Ce drame du Farfadet n'aura pas été pour nous qu'un affreux cauchemar de deux semaines: il laissera, ce me semble, dans l'esprit des braves gens qui réfléchissent, le souvenir d'une très douloureuse leçon... Vraiment notre science a d'étranges lacunes et nous sommes un peu trop fiers, peut-être, des victoires qu'elle nous aide à remporter, çà et là, sur la vie. Elle a réalisé, cette pauvre science, des tours de force dont la vue nous stupéfie; et c'est pitié de voir éclater tout à coup son impuissance en face de problèmes dont il semblait que la solution ne dût être qu'un jeu pour elle...

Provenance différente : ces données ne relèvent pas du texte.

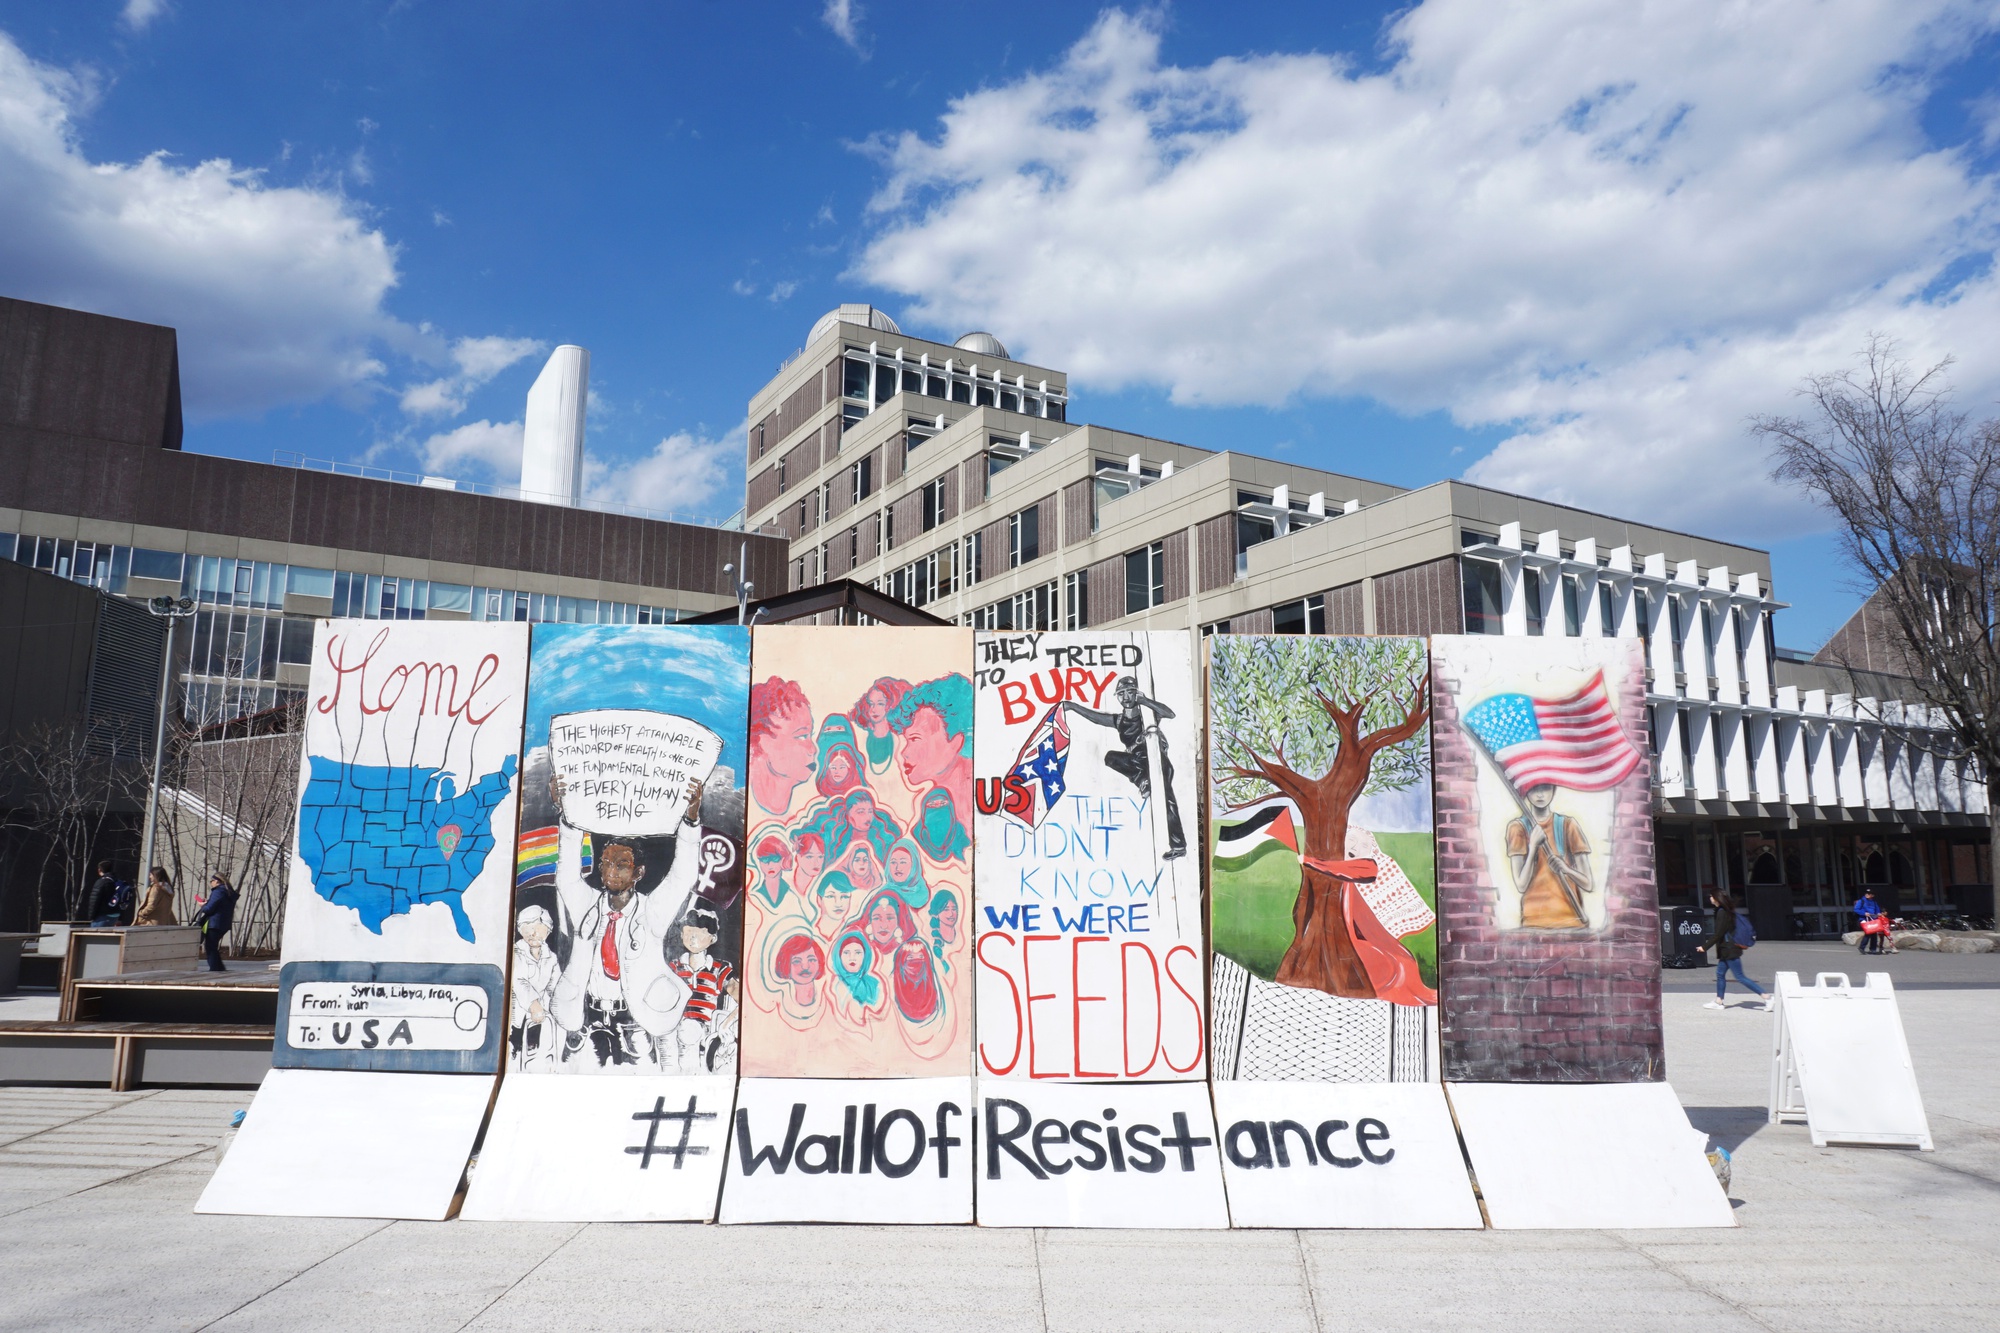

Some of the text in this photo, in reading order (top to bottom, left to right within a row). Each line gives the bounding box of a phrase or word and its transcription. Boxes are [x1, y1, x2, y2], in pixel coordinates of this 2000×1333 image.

[978, 632, 1143, 668] THEY TRIED
[318, 627, 511, 725] Home
[975, 667, 1117, 725] TO BURY
[555, 723, 704, 752] THE HIGHEST ATTAINABLE
[557, 742, 612, 757] STANDARD
[625, 743, 658, 760] HEALTH
[669, 751, 684, 764] ONE
[685, 758, 701, 767] OF
[561, 760, 686, 782] THE FUNDAMENTAL RIGHTS
[569, 779, 680, 808] OF EVERY HUMAN
[976, 775, 1031, 815] US
[596, 800, 652, 823] BEING
[1067, 795, 1148, 830] THEY
[1020, 866, 1164, 901] KNOW
[984, 903, 1150, 934] WE WERE
[301, 994, 341, 1010] From:
[977, 931, 1203, 1079] SEEDS
[300, 1019, 413, 1048] To: USA

Nous avons fait de la vapeur et de l'électricité nos esclaves, trouvé des remèdes géniaux aux maux humains; nous avons inventé le téléphone, le cinématographe et la télégraphie sans fil; nous saurons demain, peut-être, diriger un aérostat dans la tempête; nous photographions l'invisible; nous creusons sous les montagnes des tunnels de dix lieues et nous nous entre-tuons, sans nous voir, à quinze kilomètres de distance. Tout cela est beau. Mais qu'une embarcation, large comme un bateau de pêche et où quinze hommes à peine peuvent tenir, glisse au fond de l'eau, dans un peu de boue, et voilà notre génie désarmé. La mer est calme comme un lac; à cinq cents mètres du bateau disparu, un arsenal offre aux naufragés le secours d'un outillage formidable; on s'empresse, on met en oeuvre toutes les compétences, tous les courages; et, pendant ce temps, quatorze créatures humaines, qu'on ne peut sauver, agonisent, meurent de faim, de soif, d'asphyxie. Il faut travailler huit jours pour amener à fleur d'eau cette coquille de noix. Huit jours... A peu près, je crois, le temps qu'on met aujourd'hui pour aller du Havre à Chicago!...

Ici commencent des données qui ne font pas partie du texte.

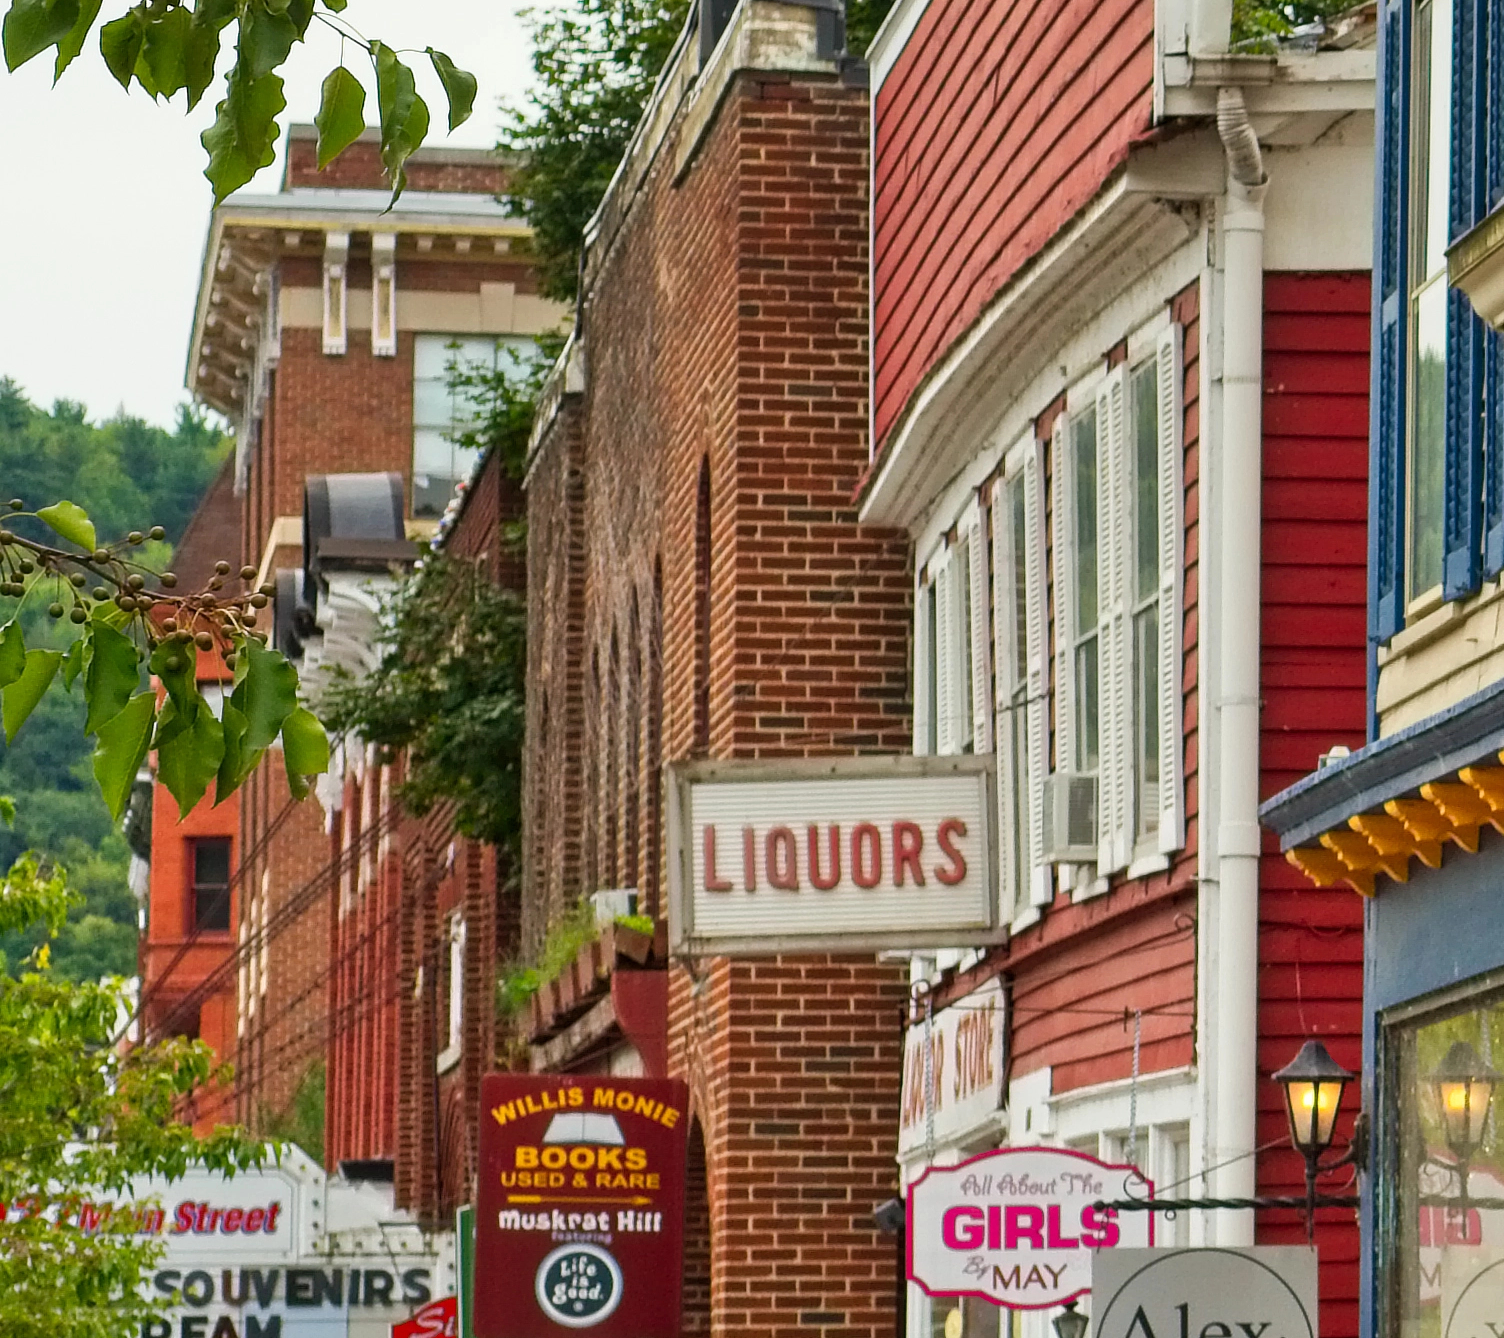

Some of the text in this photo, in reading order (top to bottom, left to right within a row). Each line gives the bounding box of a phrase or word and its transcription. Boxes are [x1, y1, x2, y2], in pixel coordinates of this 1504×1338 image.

[703, 817, 968, 892] LIQUORS
[491, 1087, 680, 1129] WILLIS MONIE
[515, 1146, 648, 1171] BOOKS
[501, 1172, 661, 1190] USED & RARE
[961, 1172, 1103, 1197] All About The
[173, 1201, 280, 1236] Street
[498, 1209, 663, 1232] Muskrat Hill
[941, 1204, 1120, 1251] GIRLS
[560, 1256, 598, 1278] Life
[572, 1274, 589, 1287] is
[961, 1257, 1068, 1290] By MAY
[153, 1268, 432, 1310] SOUVENIRS

... A l'occasion du 14 Juillet, quelques anciens soldats viennent d'être décorés de la médaille militaire. J'ai lu dans les journaux la liste de leurs noms. Ils sont quatorze. La plupart d'entre eux sont des combattants de 1870 qui ont attendu pendant trente-cinq ans que le gouvernement daignât s'intéresser à eux, reconnaître leurs services et les récompenser. Encore ceux-là n'ont-ils pas trop sujet de se plaindre; ce sont les favorisés, sur qui la République «avait l'oeil». A côté de ces chançards, j'en rencontre deux, en effet--nommés Caseneuve et Marchand--qui, simples soldats, furent «retraités pour blessures reçues au siège de Sébastopol, en juillet 1855». Ce sont aujourd'hui de pauvres vieux. Depuis cinquante ans, silencieusement, ils guettaient la récompense espérée; elle n'arrivait pas vite; ces troupiers n'avaient sans doute ni sénateurs ni députés dans leurs familles. Caseneuve et Marchand donnent un bel exemple de patience à la jeunesse. Ils sont la preuve que tout arrive, même les choses qu'on a fini de désirer.

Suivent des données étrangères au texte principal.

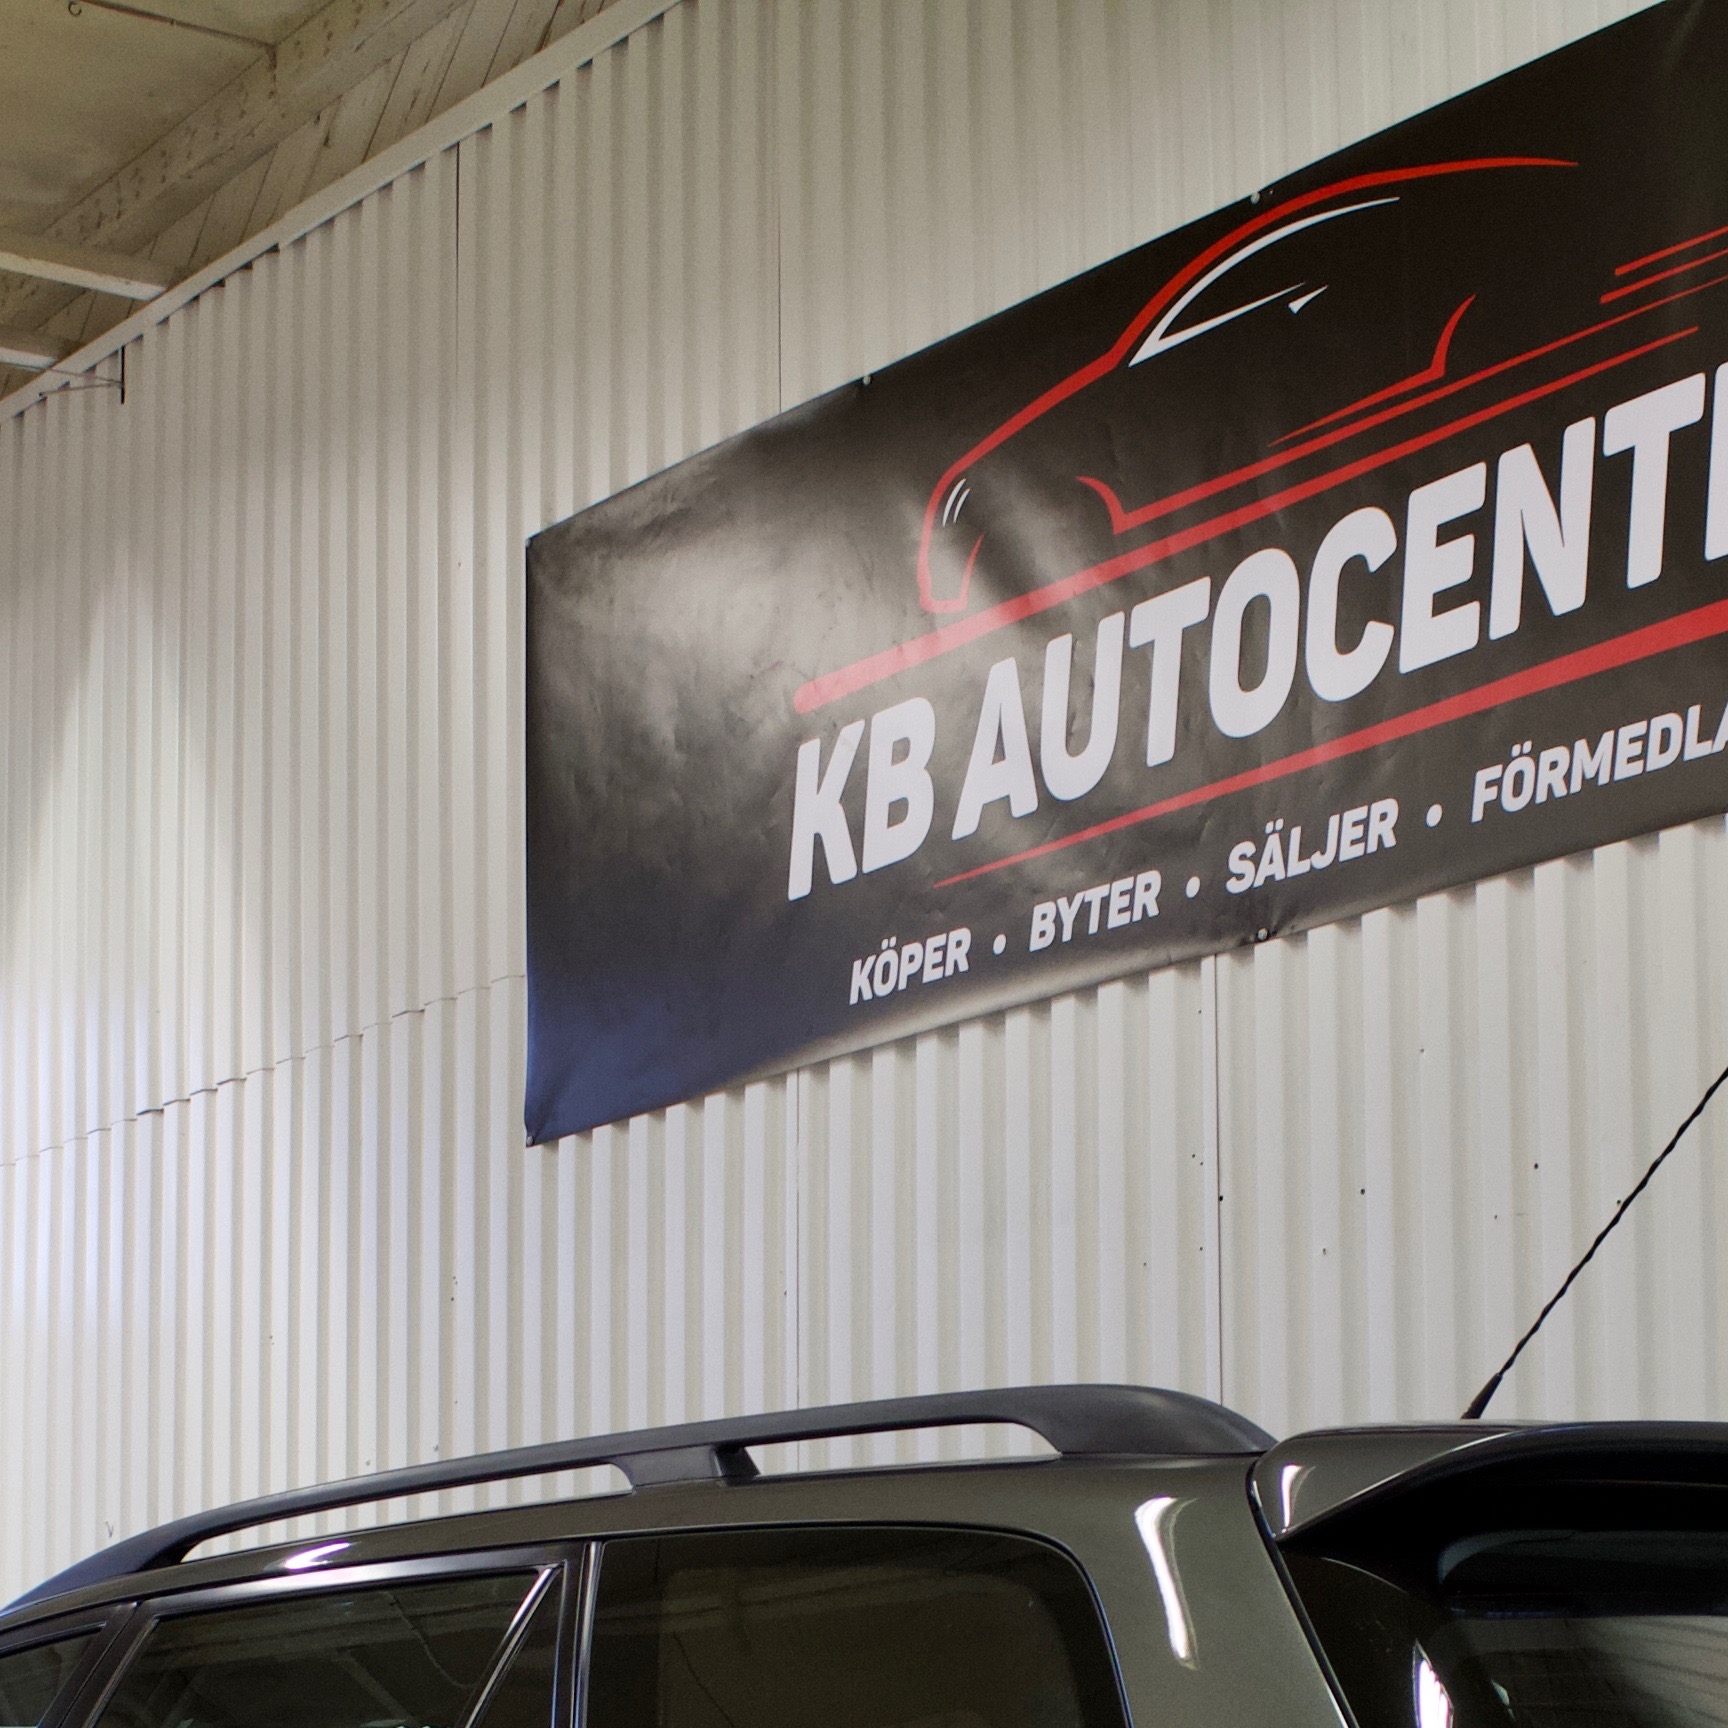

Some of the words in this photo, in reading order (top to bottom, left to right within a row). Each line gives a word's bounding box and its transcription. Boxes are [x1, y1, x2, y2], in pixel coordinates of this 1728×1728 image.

Mais comment ces aventures comiques sont-elles possibles? L'État n'ignorait ni l'existence ni les titres de Caseneuve et de Marchand, puisque, depuis un demi-siècle, il les pensionnait. Qu'attendait-il, au juste, pour ajouter à son aumône la gloire d'un petit bout de ruban? On m'a raconté que l'ancienne chanteuse Scriwaneck, ayant appris que sa photographie avait été trouvée, en 1870, dans la poche d'un soldat mortellement blessé, s'était écriée: «Pauvre enfant... Si j'avais su!»

A l'égard des deux mutilés de Sébastopol, la grande Chancellerie ne pouvait invoquer ce genre d'excuse. Il y a cinquante ans qu'elle «savait»...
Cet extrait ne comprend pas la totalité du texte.